She nodded again, more enthusiastically this time. Sam was amazing, she thought,
and
insightful. “You’re right, Sam. And even when he was younger, he’d plunge himself into things, forming clubs, or devoting himself to a friend’s political campaign.” She laughed. “And usually, the candidate he backed was the most outspoken, controversial guy around.”

Sam pulled out a long yellow pad while Brittany was talking and started to jot things down. His smile was hidden as he listened and wrote. Besides delighting him by just being beside him, Brittany was going to help him create a terrific board game. And she didn’t even seem aware that her opposition to the game had drifted out the window about two miles back.

She continued, her voice lifting and falling with humor and love as she spoke of her father. “He’s even project-oriented with us, wanting us to climb up the ranks in scouts, for example.” She laughed and her eyes sparkled happily. “Dad always says one of his concerns is that there’re two projects he’s not completed. He never became an eagle scout.”

Chuckling, Sam pulled his pipe out of a pocket and tapped down the tobacco. “And …?”

She shook her head and sunlight caught in the wavy, wayward strands of reddish-gold. “And the other he’ll
never
give up on—to see his girls ‘married and settled,’ as he puts it.”

“Well, Sara has begun that little project.”

“Yes, and Dad’s thrilled about it. He shakes his head at me, though.”

“You’re not the ‘settling’ type?” Sam watched as a thoughtful look clouded over her beautiful eyes.

“Oh, I am. I’ll marry sometime. But it needs to be just right.”

He laughed. “And what, lovely Brittany, is ‘just right’?”

She shrugged. “Oh, I don’t know. The essentials—deep
feeling, love. But in addition, I’ll only marry someone who is very solid and dependable. Always there.”

Commitment, he thought. Of course, Brittany would demand that. And deserved it. There was an unusual strength and conviction lacing her words that made it clear she’d settle for nothing less. “In other words, not a drifting dreamer, right?”

“Yes, exactly.”

His fingers tapped across her shoulder playfully. “You should have told me that before I fell beneath your spell, dear Brittany.”

His husky laughter wrapped around her and Brittany savored the wonderful feelings he spun there in the old van.

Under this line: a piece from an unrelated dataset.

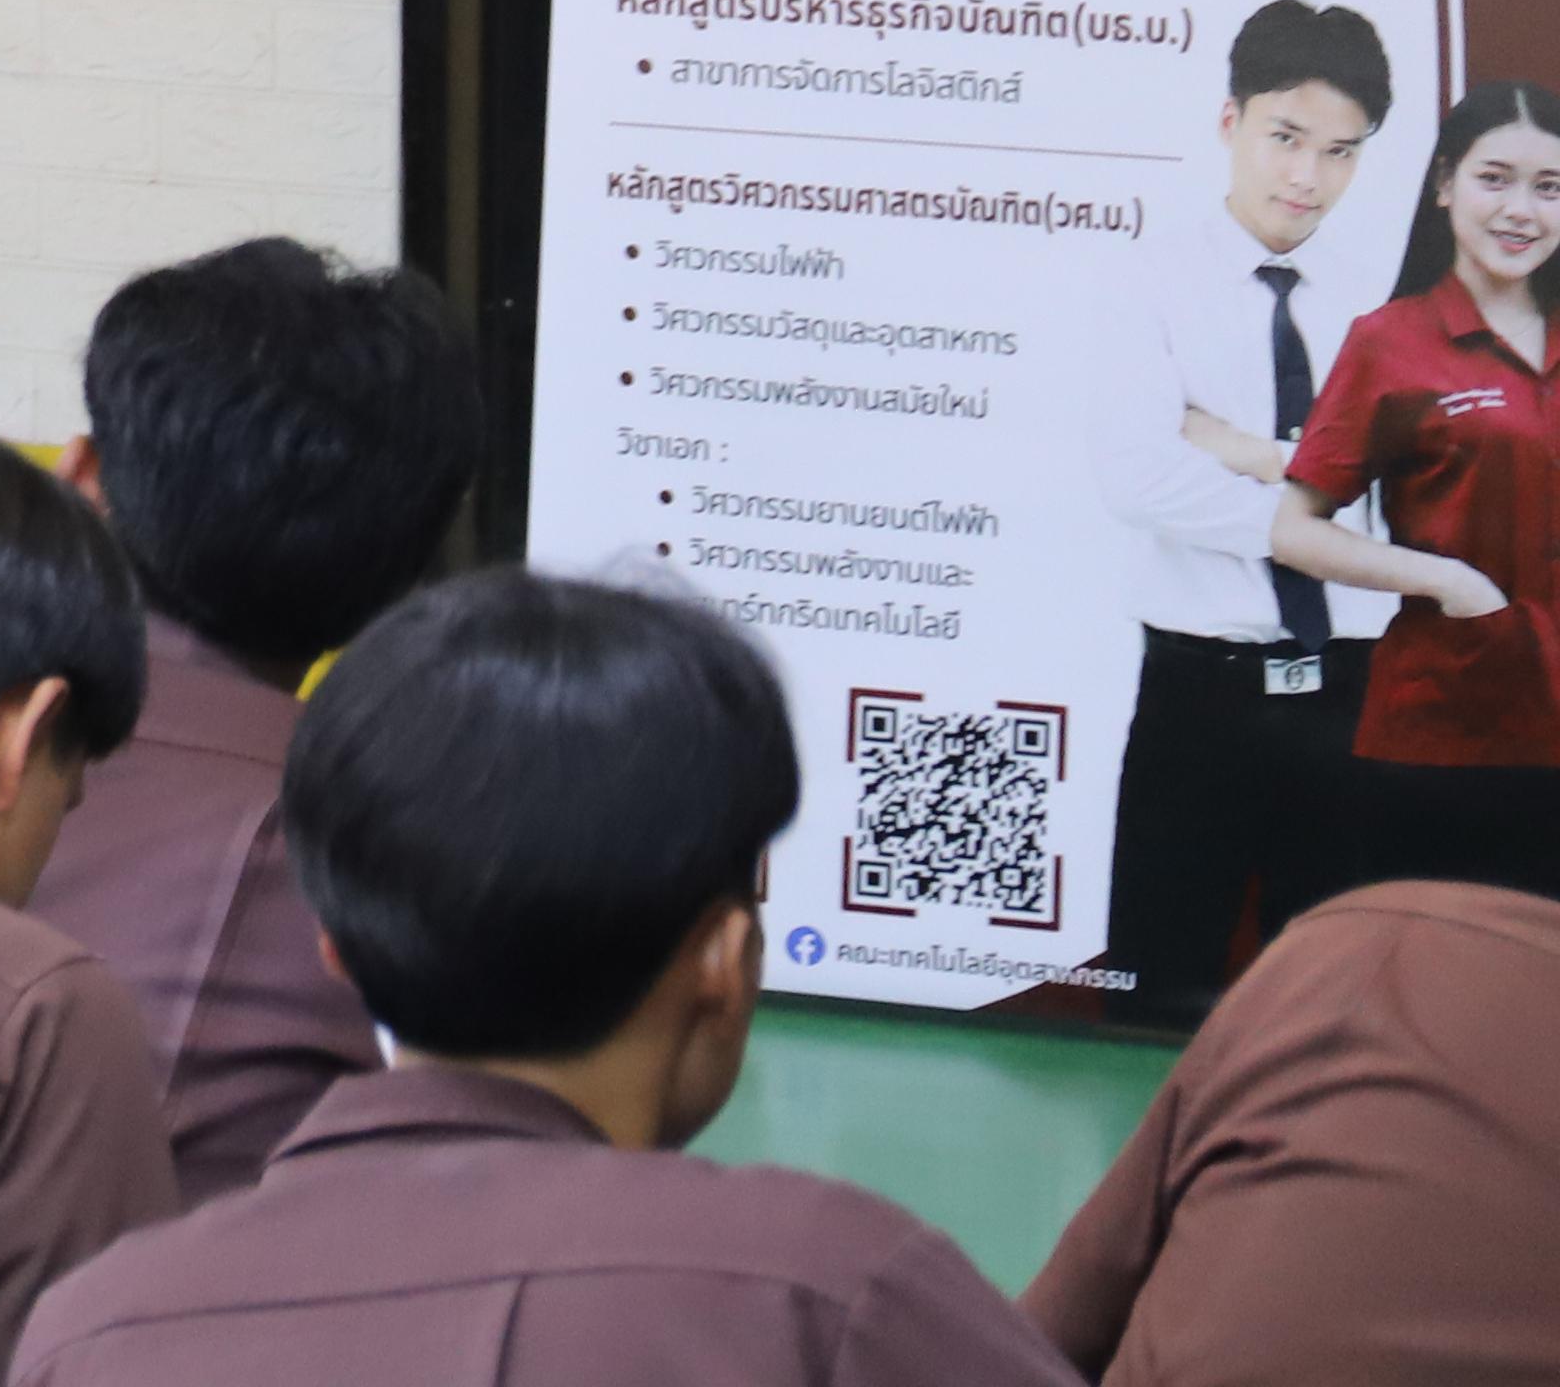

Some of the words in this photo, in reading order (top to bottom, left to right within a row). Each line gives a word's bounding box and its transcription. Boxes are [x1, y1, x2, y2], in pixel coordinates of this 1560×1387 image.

She forced a light laugh. “Oh, Sam, I’m sure you’ll survive. What are your feelings on the blessed state?”

He drew on his pipe and became serious, but she noticed laughter still lingered in his eyes. “My feelings are that it
is
a blessed state. And that I’m not among the blessed. I’ll never marry.”

She shot him a quick look. Beneath his crooked smile she could see he meant each word.

“No ‘Que sera sera’?”

“Nope. Marriage means permanent address in a way that causes all my essential functions—breathing, heartbeat, and so forth—to cease. Strangles me.”

“You’ve tried it?”

“No. When Socrates told me to ‘know thyself,’ I took him seriously. And I know what a person like me would do to another person in a dependent situation like marriage. Both parties would suffer.” He smiled slowly. “But I never,
ever
talk about things like that.” His fingers pressed into the soft skin of her shoulder, kneading lightly.

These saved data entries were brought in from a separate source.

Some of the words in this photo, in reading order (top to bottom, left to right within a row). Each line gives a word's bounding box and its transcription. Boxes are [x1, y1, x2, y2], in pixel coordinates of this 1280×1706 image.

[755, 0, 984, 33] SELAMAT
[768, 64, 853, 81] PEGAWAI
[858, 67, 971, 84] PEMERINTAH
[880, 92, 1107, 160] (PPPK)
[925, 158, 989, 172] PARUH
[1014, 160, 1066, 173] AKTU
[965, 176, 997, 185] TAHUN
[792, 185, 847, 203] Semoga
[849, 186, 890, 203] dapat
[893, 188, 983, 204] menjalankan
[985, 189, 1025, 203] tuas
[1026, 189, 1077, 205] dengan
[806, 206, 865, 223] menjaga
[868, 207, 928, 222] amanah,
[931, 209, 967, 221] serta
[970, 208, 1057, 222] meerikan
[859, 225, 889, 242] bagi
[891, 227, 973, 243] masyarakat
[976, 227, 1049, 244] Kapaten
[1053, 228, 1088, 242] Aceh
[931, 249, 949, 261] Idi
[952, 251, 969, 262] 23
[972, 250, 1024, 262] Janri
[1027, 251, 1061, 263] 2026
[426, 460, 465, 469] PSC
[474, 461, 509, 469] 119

“Back to the game …” she suggested wisely.

“Yes … the game.”

She shifted in the seat and sped on down the highway. They had gotten so personal, she and this man she suspected she should hold at bay. But what frightened
her the most was the growing awareness that a part of her didn’t really want to keep Sam Lawrence at bay at all.

And
that
thought was so perplexing, she almost missed the turn through the wide pillared gates of the Elms Senior Citizens Home. Only Dunkin’s barking and large paw indelicately flopping over the back of the seat saved the turn.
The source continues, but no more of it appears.